Nor, Fifthly, as it cannot belong to an original insensibility of conscience, that is, an insensibility of which the person himself does not remember the beginning; so neither can it belong to the sinner who has got over the rebukes, distrusts, and uneasiness which sin once occasioned. True it is, that this uneasiness may be got over almost entirely; so that, whilst the danger remains the same, whilst the final event will be the same, whilst the coming destruction is not less sure or dreadful, the uneasiness and the apprehension are gone. This is a case, too common, too deplorable, too desperate; but it is not the case of which we are now treating, or of which St. Paul treated. Here we are presented throughout with complaint and uneasiness; with a soul exceedingly dissatisfied, exceedingly indeed disquieted, and disturbed and alarmed with the view of its condition.

Upon the whole, St. Paul's account is the account of a man in some sort struggling with his vices; at least, deeply conscious of what they are, whither they are leading him, where they will end; acknowledging the law of God, not only in words and speeches, but in his mind; acknowledging its excellency, its authority; wishing also, and willing, to act up to it, but in fact doing no such thing; feeling, in practice, a lamentable inability of doing his duty, yet perceiving that it must be done. All he has hitherto attain

ed is a state of successive resolutions and relapses. Much is willed, nothing is effected. No furtherance, no advance, no progress is made in the way of salvation. He feels, indeed, his double nature; but he finds, that the law in his members, the law of the flesh, brings the whole man into captivity. He may have some better strivings, but they are unsuccessful. The result is, that he obeys the law of sin.
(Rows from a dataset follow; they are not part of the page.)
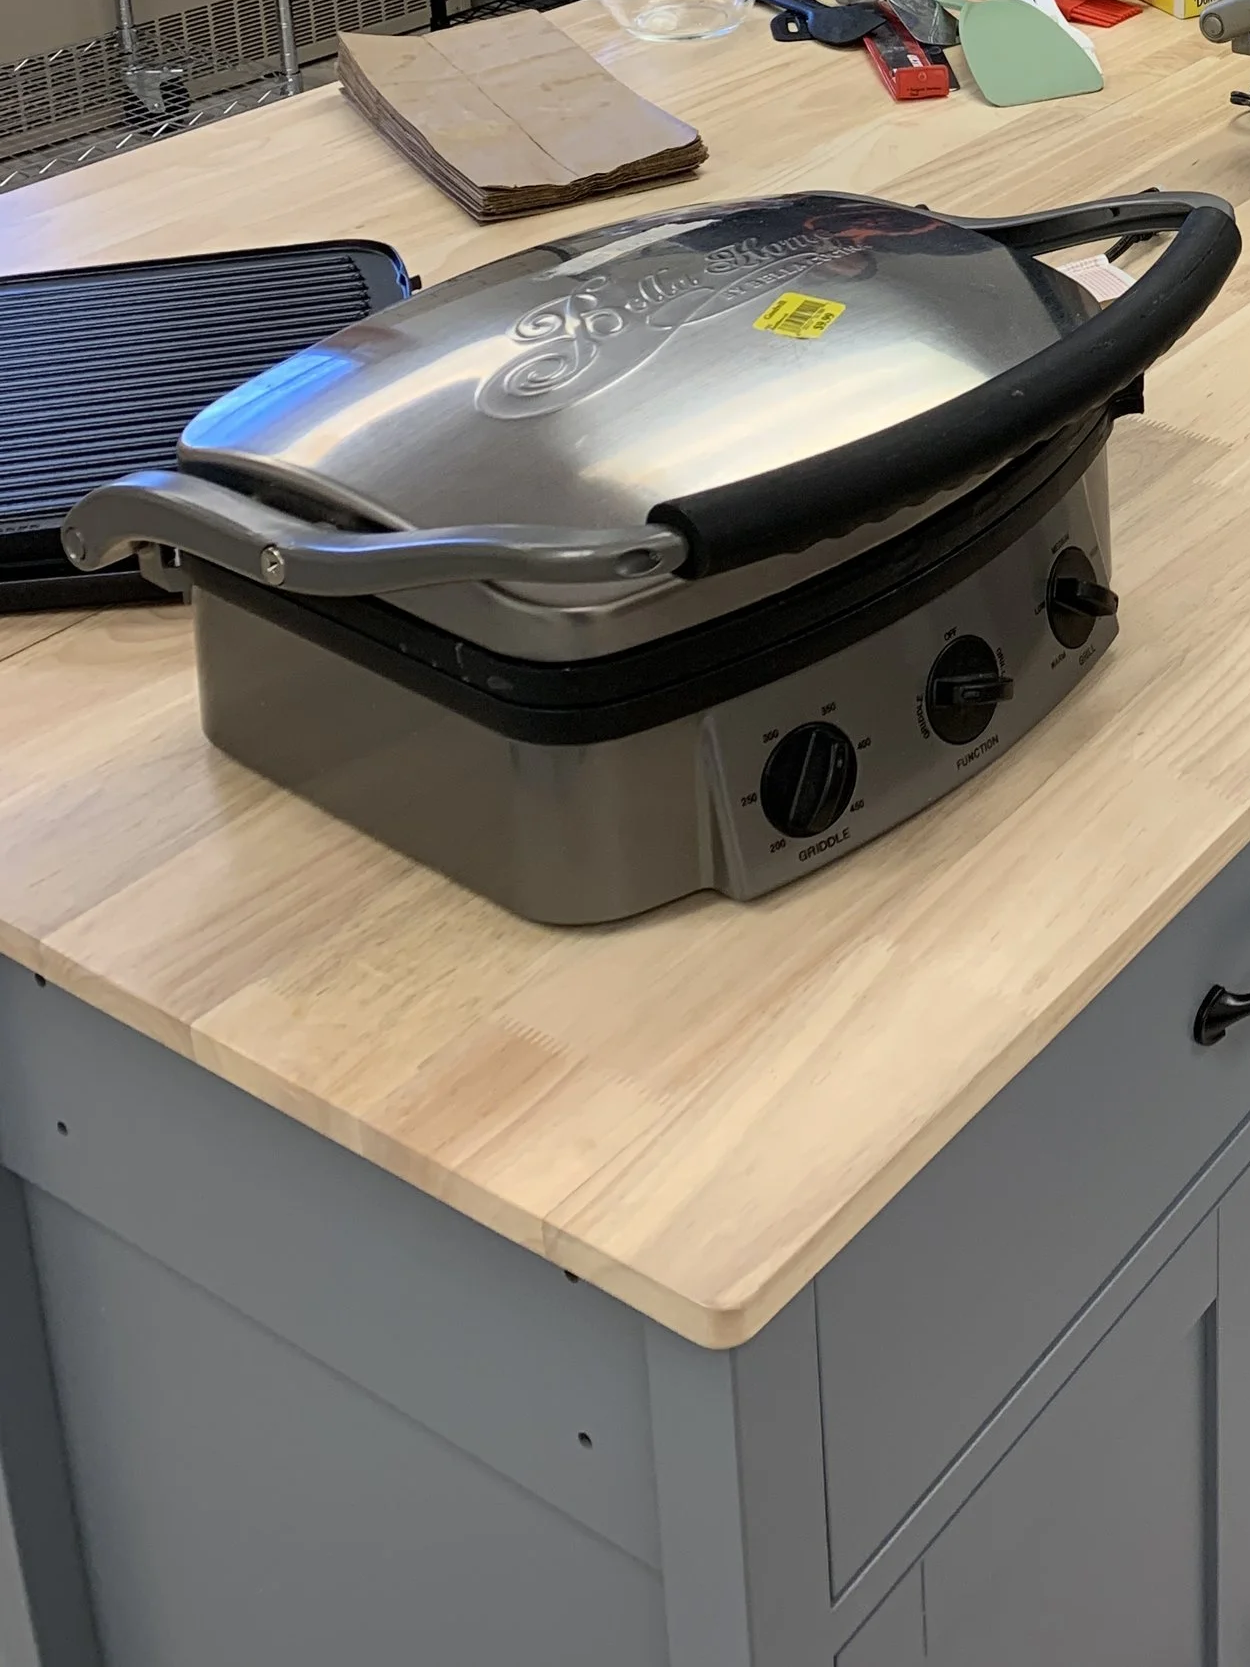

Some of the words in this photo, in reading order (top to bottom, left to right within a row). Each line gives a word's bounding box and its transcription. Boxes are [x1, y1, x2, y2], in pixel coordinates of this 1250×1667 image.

[752, 260, 806, 289] BELLA
[943, 625, 958, 642] OFF
[821, 701, 837, 717] 350
[955, 734, 1000, 771] FUNCTION
[740, 791, 758, 808] 250
[769, 838, 787, 854] 200
[798, 826, 851, 863] GRIDDLE
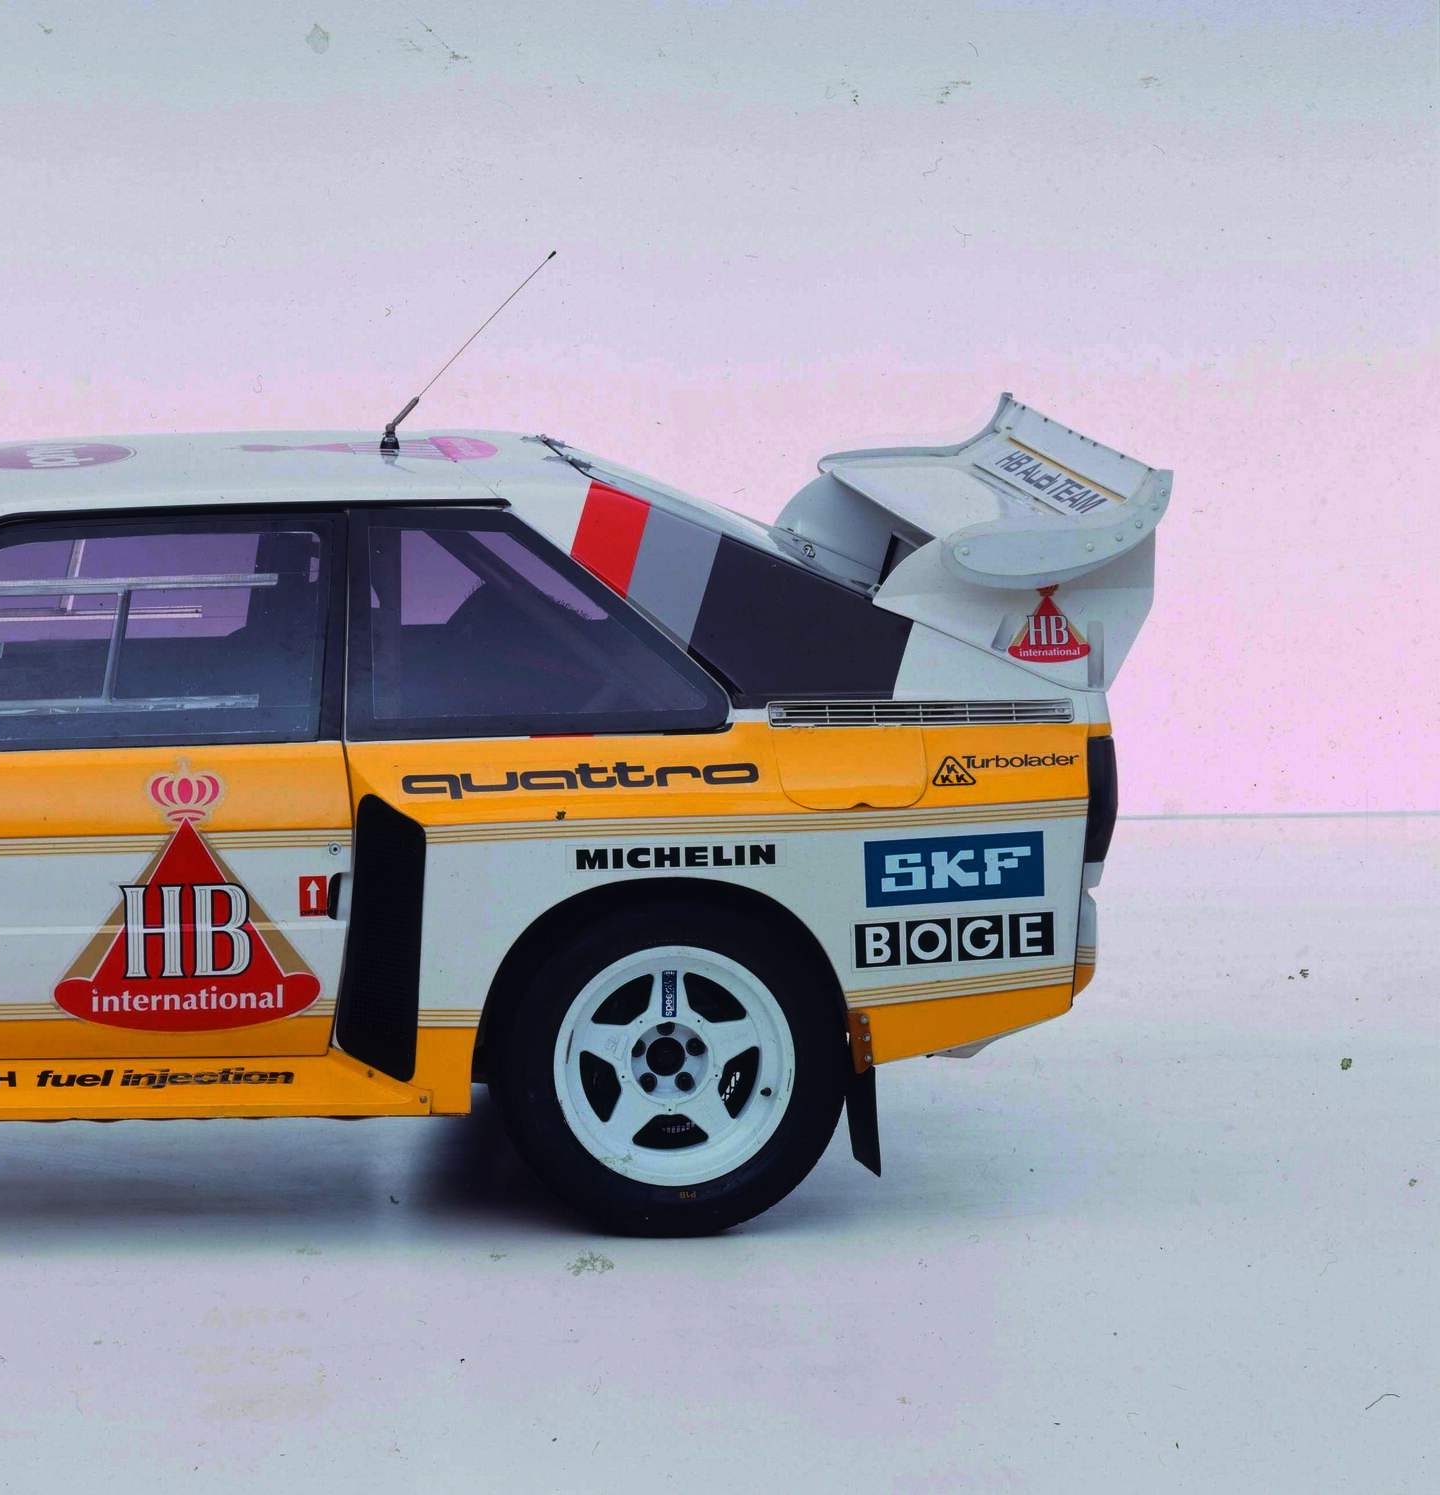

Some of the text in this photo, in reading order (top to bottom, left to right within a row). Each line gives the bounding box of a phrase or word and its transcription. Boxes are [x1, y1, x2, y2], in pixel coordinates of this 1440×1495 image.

[995, 450, 1108, 514] HB Audi TEAM
[1027, 614, 1069, 646] HB
[1019, 647, 1080, 657] international
[962, 753, 1079, 769] Turbolader
[401, 761, 760, 800] quattro
[575, 844, 777, 870] MICHELIN
[880, 845, 1032, 893] SKF
[119, 882, 253, 979] HB
[864, 915, 1043, 964] BOGE
[91, 985, 284, 1013] international
[36, 1069, 114, 1088] fuel
[119, 1067, 295, 1089] injection
This is the picture which our apostle contemplated, and he saw in it nothing but misery: "O wretched man that I am!" Another might have seen it in a more comfortable light. He might have hoped that the will would be taken for the deed; that since he felt in his mind a strong approbation of the law of God; nay, since he felt a delight in contemplating it, and openly professed to do so; since he was neither ignorant of it, nor forgetful of it, nor insensible of its obligation, nor ever set himself to dispute its authority; nay, since he had occasionally likewise endeavoured to bring himself to an obedience to this law, however unsuccessful his endeavours had been above all, since he has sincerely deplored and bewailed his fallings off from it; he might hope, I say, that his was a case for favourable acceptance.

St. Paul saw it not in this light. He saw in it no ground of confidence or satisfaction. It was a state to which he gives no better name than "the body of death." It was a state, not in which he hoped to be saved, but from which he sought to be delivered. It was a state, in a word, of bitterness and terror; drawing from him expressions of the deepest anguish and distress: "O wretched man that I am! who shall deliver me from the body of this death?"

XXVII.

EVIL PROPENSITIES ENCOUNTERED BY THE AID OF THE SPIRIT.

(PART II.)

ROMANS, vii. 24.

O wretched man that I am! who shall deliver me from the body of this death?
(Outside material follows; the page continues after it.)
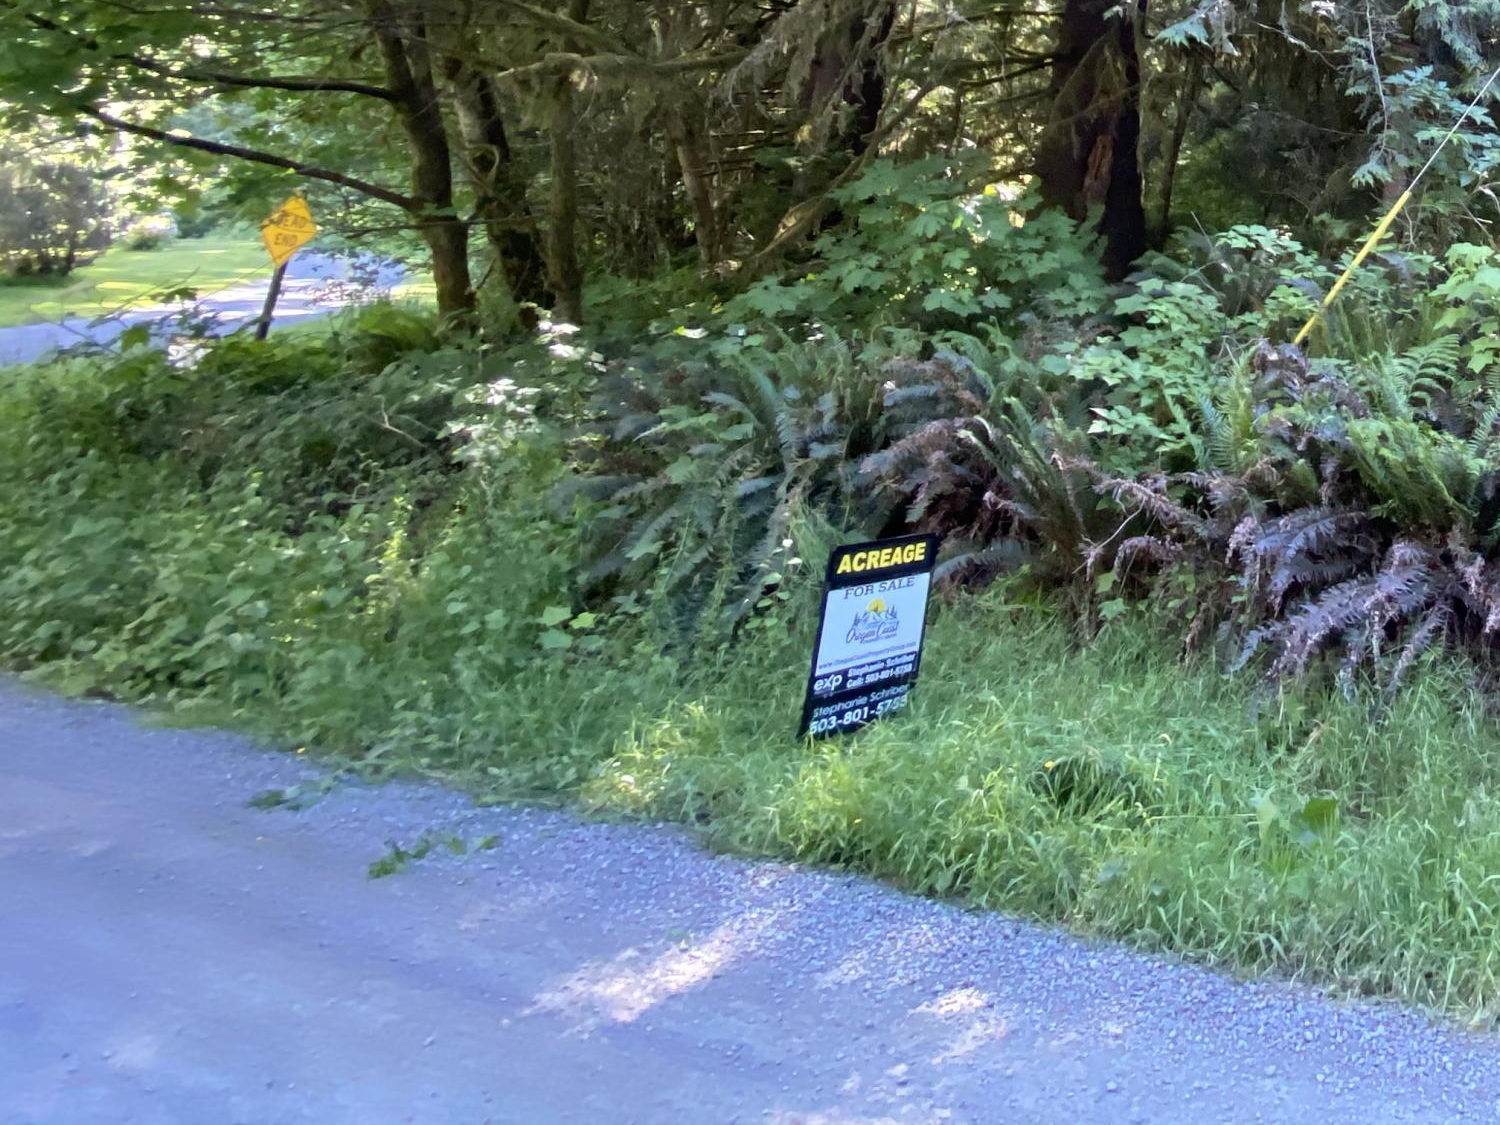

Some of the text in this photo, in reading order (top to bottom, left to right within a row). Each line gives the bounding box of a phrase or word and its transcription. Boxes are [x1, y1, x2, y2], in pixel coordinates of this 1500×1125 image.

[275, 233, 298, 246] END
[836, 542, 927, 574] ACREAGE
[843, 576, 915, 600] FOR SALE
[813, 695, 868, 718] Stephanie
He who has not felt the weakness of his nature, it is probable, has reflected little upon the subject of religion: I should conjecture this to be the case.

But then, when men do feel the weakness of their nature, it is not always that this consciousness carries them into a right course, but sometimes into a course the very contrary of what is right. They may see in it, as hath been observed, and many do see in it, nothing but an excuse and apology for their sins: since it is acknowledged, that we carry about with us a frail, not to call it a depraved, corrupted nature, surely, they say, we shall not be amenable to any severities or extremities of judgments, for delinquencies, to which such a nature must ever be liable: or, which is indeed all the difference there is between one man and another, for greater degrees or less, for more or fewer, of these delinquencies. The natural man takes courage from this consideration. He finds ease in it. It is an opiate to his fears. It lulls him into a forgetfulness of danger, and of the dreadful end, if the danger be real. Then the practical consequence is, that he begins to relax even of those endeavours to obey

God which he has hitherto exerted. Imperfect and inconstant as these endeavours were at best, they become gradually more languid and more unfrequent and more insincere than they were before: his sins increase upon him in the same proportion: he proceeds rapidly to the condition of a confirmed sinner, either secret or open, it makes no difference as to his salvation. And this descent into the depths of moral vileness and depravity began, in some measure, with perceiving and confessing the weakness of his nature; and giving to this perception that most erroneous, that most fatal turn, the regarding it as an excuse for every thing; and as dispensing even with the self-denials, and with the exertions of self-government, which a man had formerly thought it necessary to exercise, and in some sort, though in no sufficient sort, had exercised.

Now I ask, was this St. Paul's way of considering the subject? Was this the turn which he gave to it? Altogether the contrary. It was impossible for any Christian, of any age, to be more deeply impressed with a sense of the weakness of human nature than he was; or to express it more strongly than he has done in the chapter before us. But observe; feeling most sensibly and painting most forcibly the sad condition of his nature, he never alleges it as an excuse for sin he does not console himself with any such excuse. He does not make it a reason for setting himself at rest upon the subject. He finds no relief to his fears in any such consideration. It is not with him a ground for expecting salvation; on the contrary, he sees it to be a state not leading to salvation; other

wise, why did he seek so earnestly to be delivered from it?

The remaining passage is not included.